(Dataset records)
━━━━━━━━━━━━━━━━
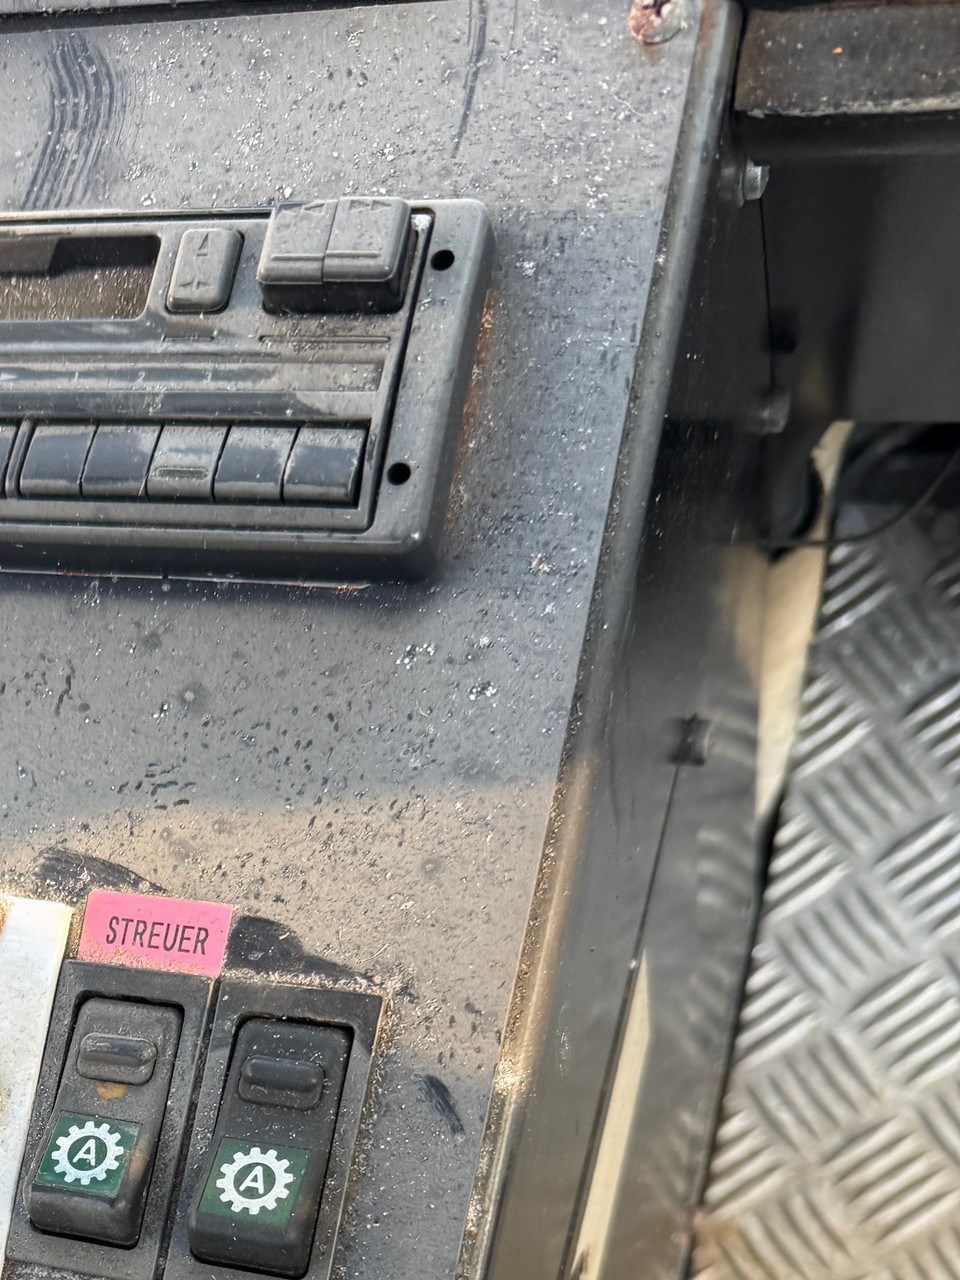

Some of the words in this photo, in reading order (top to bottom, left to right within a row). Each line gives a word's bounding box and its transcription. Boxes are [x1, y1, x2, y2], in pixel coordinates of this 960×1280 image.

[138, 371, 146, 382] 2
[105, 915, 209, 956] STREUER
[73, 1138, 96, 1166] A
[239, 1165, 265, 1195] A
━━━━━━━━━━━━━━━━
__PROBLEM REQUIREMENTS__: Transcribe every entry word for word, excluding images.

__ANSWER TO THIS PROBLEM__:
Some of the words in this photo, in reading order (top to bottom, left to right within a row). Each line gives a word's bounding box and its transcription. Boxes are [x1, y1, x2, y2], in pixel coordinates of this 960×1280 image.

[138, 371, 146, 382] 2
[105, 915, 209, 956] STREUER
[73, 1138, 96, 1166] A
[239, 1165, 265, 1195] A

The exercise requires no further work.